Journey of Transition Toolkit
Toolkit Home | Learning | Considering the Continuum of Care
Gatekeeping
Gatekeeping is a term referring to the formal process of assessment and decision-making to determine if a child needs to be separated from his or her family, and if so, what placement will best match his or her individual circumstances and needs. It prioritizes family preservation and alternative family care and is used to prevent the inappropriate placement of children into residential care. For children transitioning out of residential care, gatekeeping procedures are used to determine the best placement option.
Family Strengthening
Programs and services that strengthen families help prevent the separation by equipping birth, foster, and adoptive families with the resources they need for children to thrive. Family strengthening may include ensuring access to education, health, and economic services such as microloans and livelihood support; parent education and support groups; early childhood programs and daycare; respite care; and special needs services.
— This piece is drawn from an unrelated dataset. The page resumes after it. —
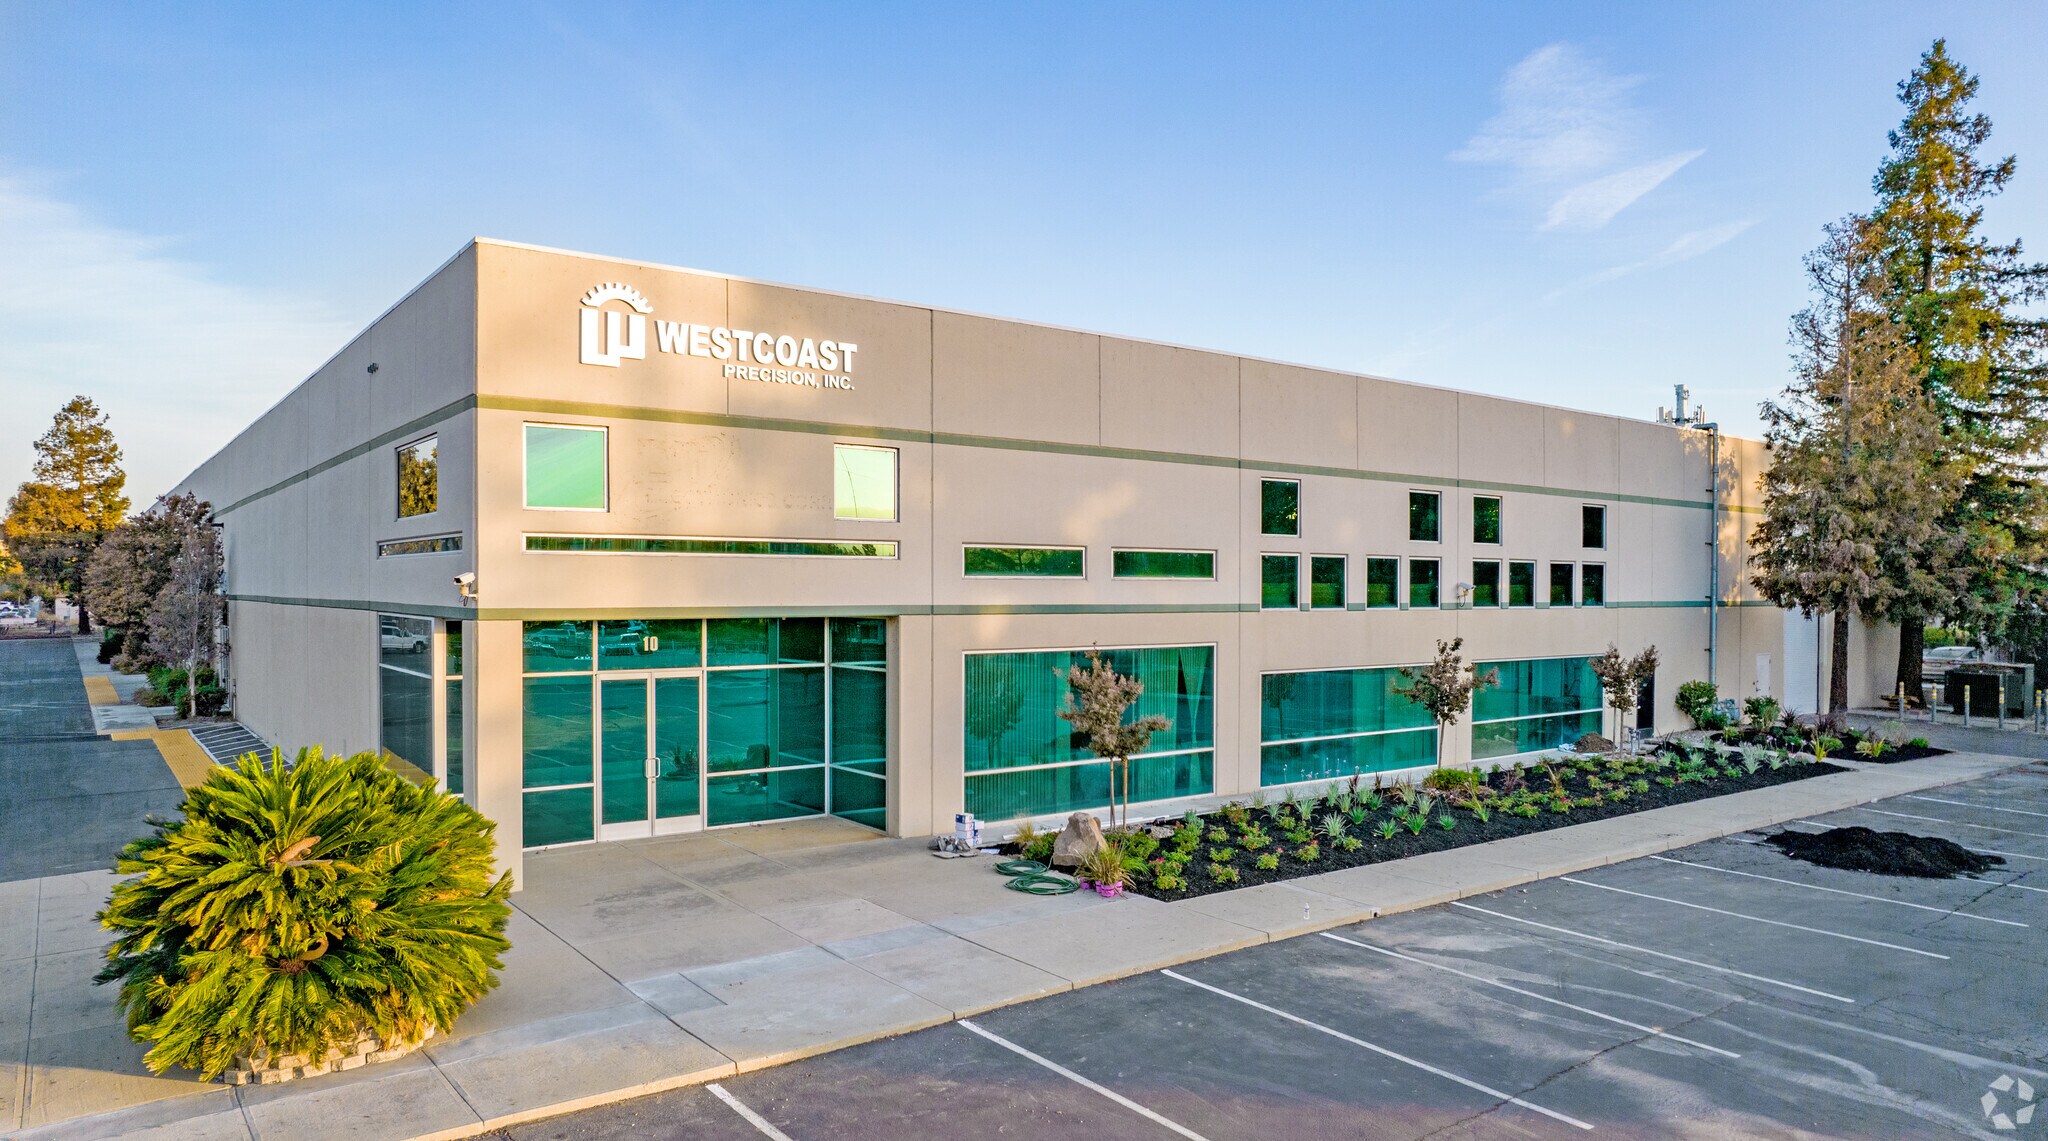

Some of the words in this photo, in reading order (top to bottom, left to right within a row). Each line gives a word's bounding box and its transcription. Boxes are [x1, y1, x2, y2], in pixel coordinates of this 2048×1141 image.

[656, 320, 857, 373] WESTCOAST
[724, 364, 820, 389] PRECISION,
[824, 375, 855, 390] INC.
[643, 636, 658, 651] 10
Family-based Alternative Care
A range of care options are considered when living with his or her birth family is determined to be unsafe or not in the best interests of a child. These options include care within a child’s extended family (also known as kinship care), foster care, and adoption. In most countries, care in extended family is the most long-standing and culturally acceptable form of alternative family care and can be permanent or temporary. Whereas, foster care is the full-time care of a child within a non-related family and may be used temporarily while efforts at reunification with the child’s birth family or placement of the child with a permanent alternative family are made. Lastly, adoption can provide a pathway to a family, but given its permanency, involves multiple levels of gatekeeping before it is determined that a child is available for adoption.
Residential Care
Given the unique nature of each child’s situation, temporary, short-term care in small group homes, shelters, or other forms of residential care are included in the continuum of care. Short-term residential care can vary widely from basic respite care to more targeted therapeutic or rehabilitative services for children and families in crisis. Ideally, these options are temporary and transitional, ultimately leading to family care or, in the case of older youth, supported independent living.